Все эти телеведущие — миссис Рэнсом стала смотреть передачи регулярно — были крупные, наглые особы и, на взгляд миссис Рэнсом, беспредельно самоуверенные (они полагают, подумалось ей, что именно это и называется авантажность; она бы даже посмотрела это слово в словаре у мистера Рэнсома, но не была уверена в его написании). По именам их можно было принять за мужчин: Робин, Бобби, Трой и еще Тиффани, Пейдж, Кирби — какие ж это имена, удивлялась миссис Рэнсом.
Начать с того, что телеведущие и их публика объяснялись на языке, миссис Рэнсом малопонятном: «родительство однополых пар», «интимное взаимодействие», «приемы синхронизации возбуждения», «позиция сзади». То был язык откровенных признаний и безграничного панибратства. «Догадываюсь, к чему ты клонишь, — говорили они, хлопая друг друга по плечу. — Знаю, где собака зарыта».
В передаче фигурировала Фелисия, которой требовалось долгое и нежное соитие, и ее муж Дуайт, которому хотелось всего и сразу, но у которого отсутствовали необходимые навыки. По общему мнению, супругам необходимо было откровенно поговорить друг с другом, и здесь, перед этой глумливой, охочей до жареного публикой, они и решили это сделать; наконец, уже перед титрами, последовал поцелуй в диафрагму: чуть ли не повалившись друг на друга, они буквально склеились ртами под одобрительный гогот присутствовавших, в то время как ведущая глядела на них с грустной, мудрой улыбкой. Она сказала: «Спасибо всем», а пара все целовалась и целовалась.
К чему миссис Рэнсом никак не могла привыкнуть, так это к тому, как хладнокровно — без тени смущения — держались участники шоу и как никому из них никогда не бывало попросту стыдно.
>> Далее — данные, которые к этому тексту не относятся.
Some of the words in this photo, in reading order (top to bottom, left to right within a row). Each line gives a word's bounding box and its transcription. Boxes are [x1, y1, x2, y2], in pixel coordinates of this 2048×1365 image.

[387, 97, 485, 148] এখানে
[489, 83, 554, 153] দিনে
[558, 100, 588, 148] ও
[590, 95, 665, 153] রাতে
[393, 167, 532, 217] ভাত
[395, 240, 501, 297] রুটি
Даже если темой передачи была застенчивость, никто из приглашенных не бывал застенчив в том смысле слова, в каком понимала его миссис Рэнсом; никто не конфузился, не было недостатка и в беспардонных ораторах, готовых сорваться с места и похвастать парализующей их робостью и нелепыми последствиями, к которым приводили одолевающие их стеснительность и скромность. Сколь бы личной, даже интимной, ни бывала затронутая тема, никто из этих бодрых крикунов не испытывал ни малейшей неловкости. Напротив, они, казалось, соревнуются в том, кто сознается в более вульгарном и непристойном поведении; одно вопиющее признание затмевало другое, а публика отвечала на очередную исповедь все более дикими воплями и гиканьем, выкрикивая советы кающимся и подзуживая их, чтобы они выложили что-нибудь еще — покруче.
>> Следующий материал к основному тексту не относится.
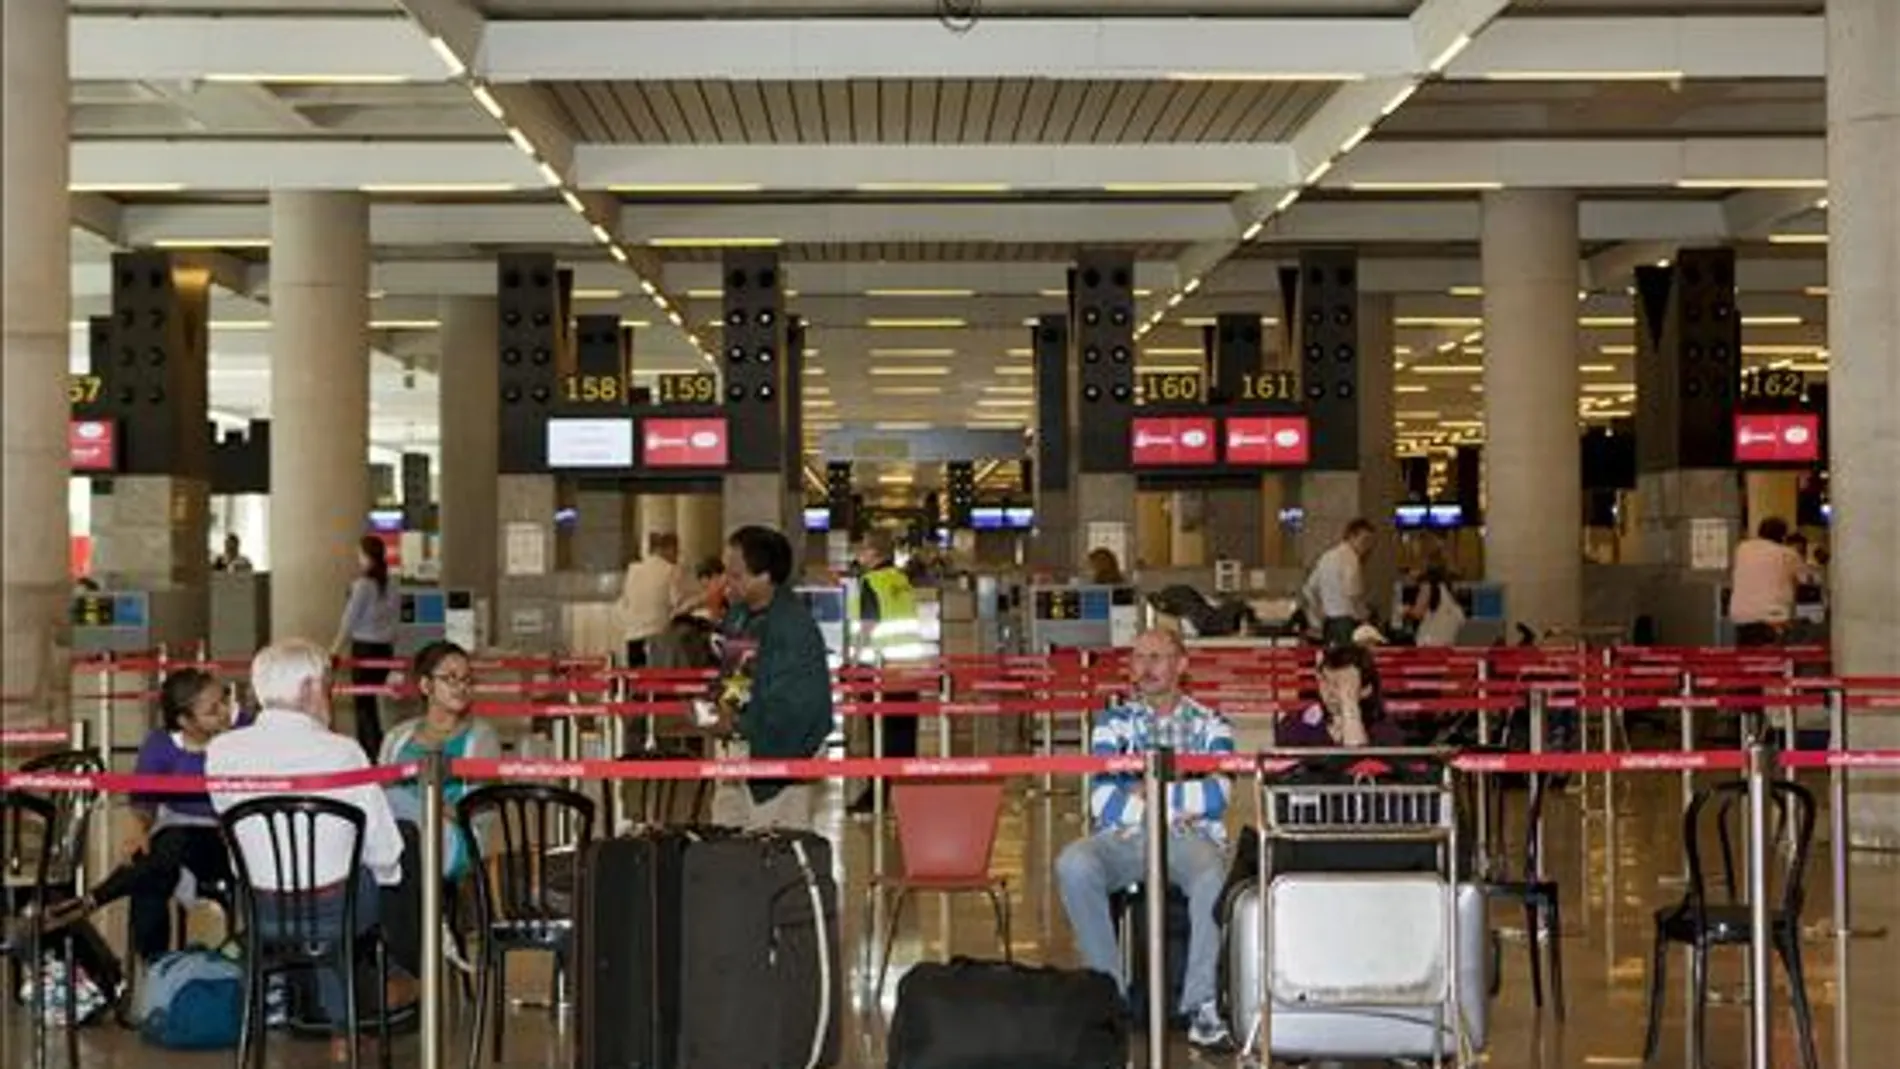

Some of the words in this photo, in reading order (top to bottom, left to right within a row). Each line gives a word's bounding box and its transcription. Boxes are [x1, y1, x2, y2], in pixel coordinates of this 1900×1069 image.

Изредка, правда, случалось, что кто-либо из аудитории не веселился, а возмущался и после какой-либо особо гнусной исповеди на миг бывал якобы искренне потрясен, но происходило это лишь потому, что ведущая, глядя из-за спины говорящего, строила осуждающую гримасу, чем наносила присутствующим оскорбление и вызывала их ответное возмущение. Ведущая была их сообщницей, думалось миссис Рэнсом, она была ничуть не лучше остальных, она даже готова была выйти из роли, лишь бы напомнить участникам об их самых невероятных и непристойных выходках, в которых они признавались ей раньше, с глазу на глаз — в кажущемся уединении гри-мерки. Когда она принималась ворошить их прошлое, они изображали старательно продуманную пантомиму: опускали головы от стыда, прятали раскрасневшиеся лица в ладони, тряслись от неодолимого вроде бы смеха — чтобы показать, что они и не помышляли выкладывать на публике подобные тайны, а уж тем более перед телекамерой.
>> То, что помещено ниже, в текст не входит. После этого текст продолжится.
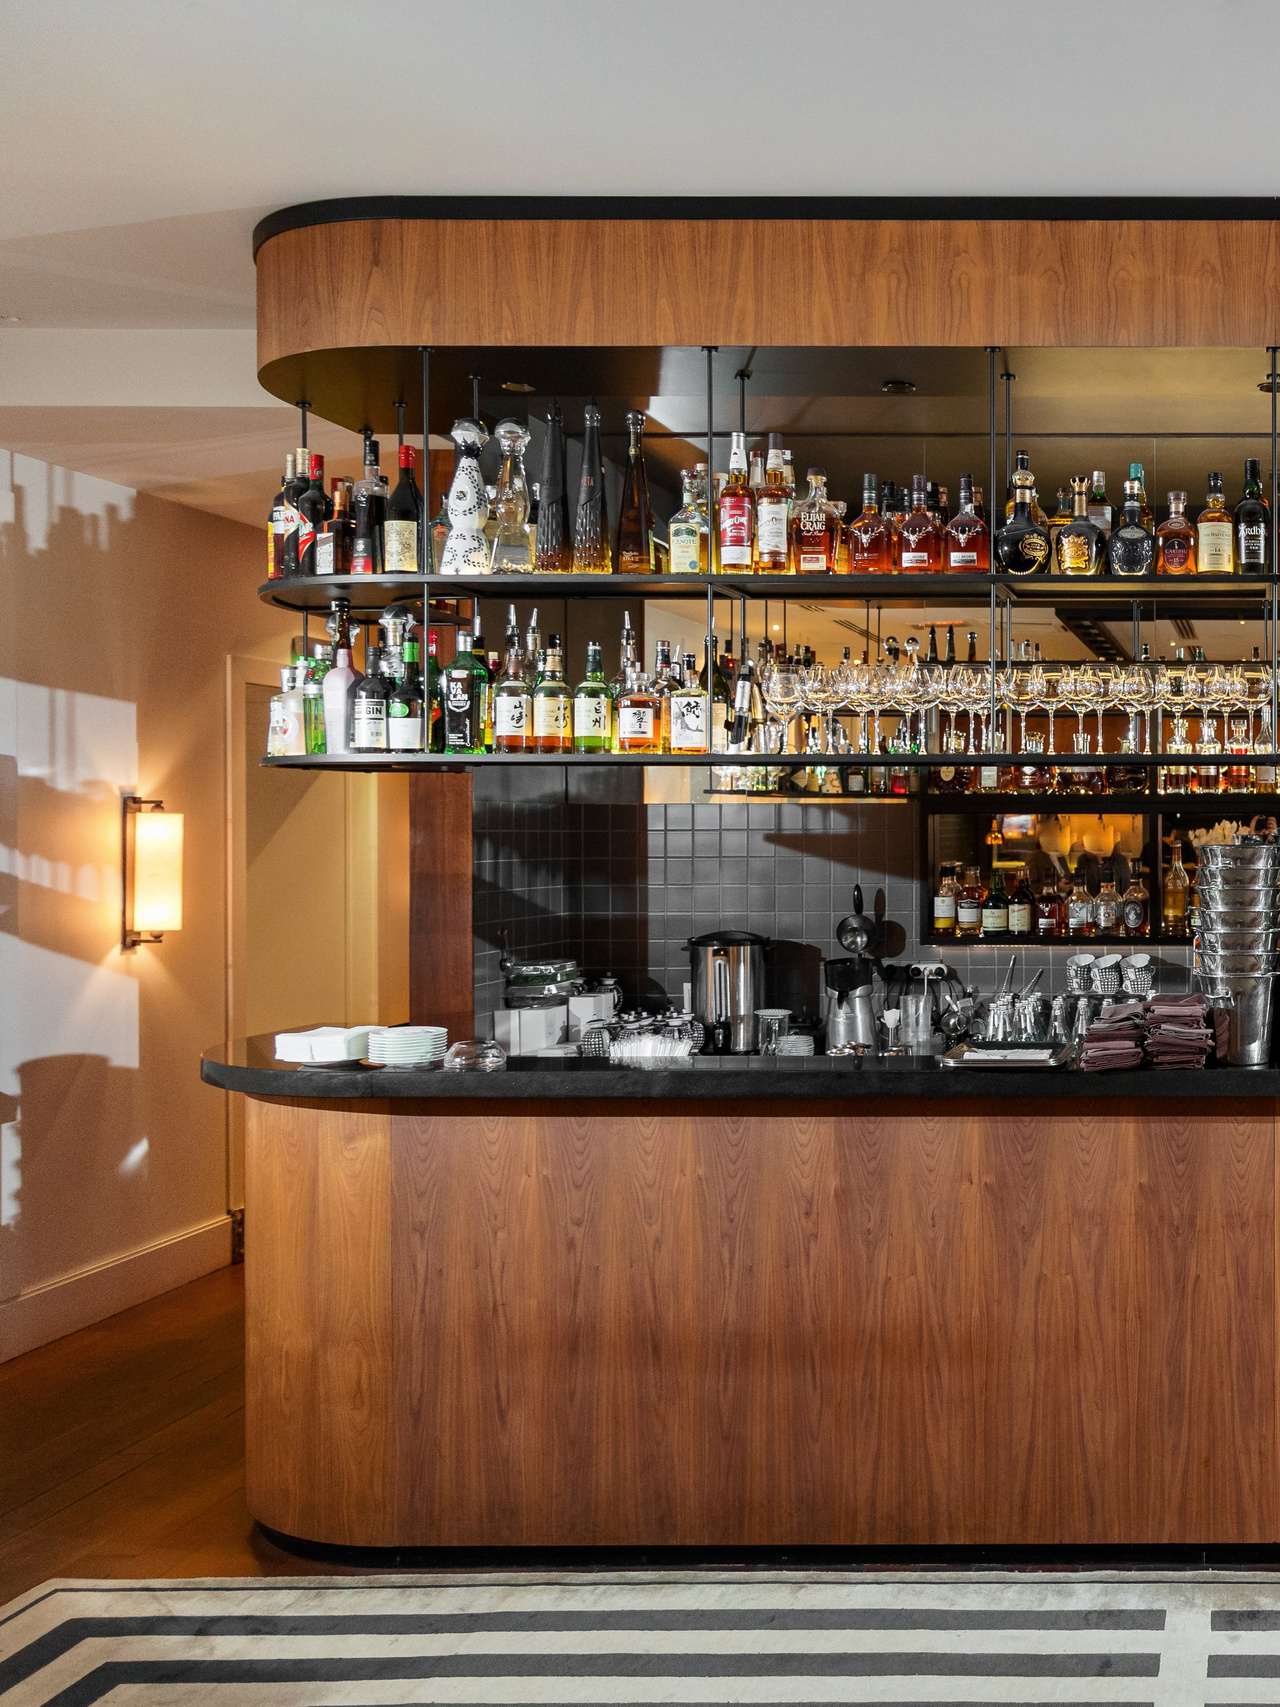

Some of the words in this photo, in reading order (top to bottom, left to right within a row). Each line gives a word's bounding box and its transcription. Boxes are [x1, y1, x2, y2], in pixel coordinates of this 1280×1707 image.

[801, 512, 826, 521] ELIJAH
[800, 521, 826, 531] CRAIG
[365, 706, 383, 715] GIN
И все равно — миссис Рэнсом это чувствовала — они были лучше ее. Потому что никто из этих шумных, хихикающих (зачастую тучных) существ не терзался и тенью сомнения по поводу идеи, которая лежала в основе этих передач: все люди одинаковы. Поэтому тут не было места ни стеснению, ни сдержанности, и притворяться значило быть кичливым или лицемерным. Миссис Рэнсом сознавала, что первое, несомненно, относится к ней, а второе — пожалуй, к ее мужу.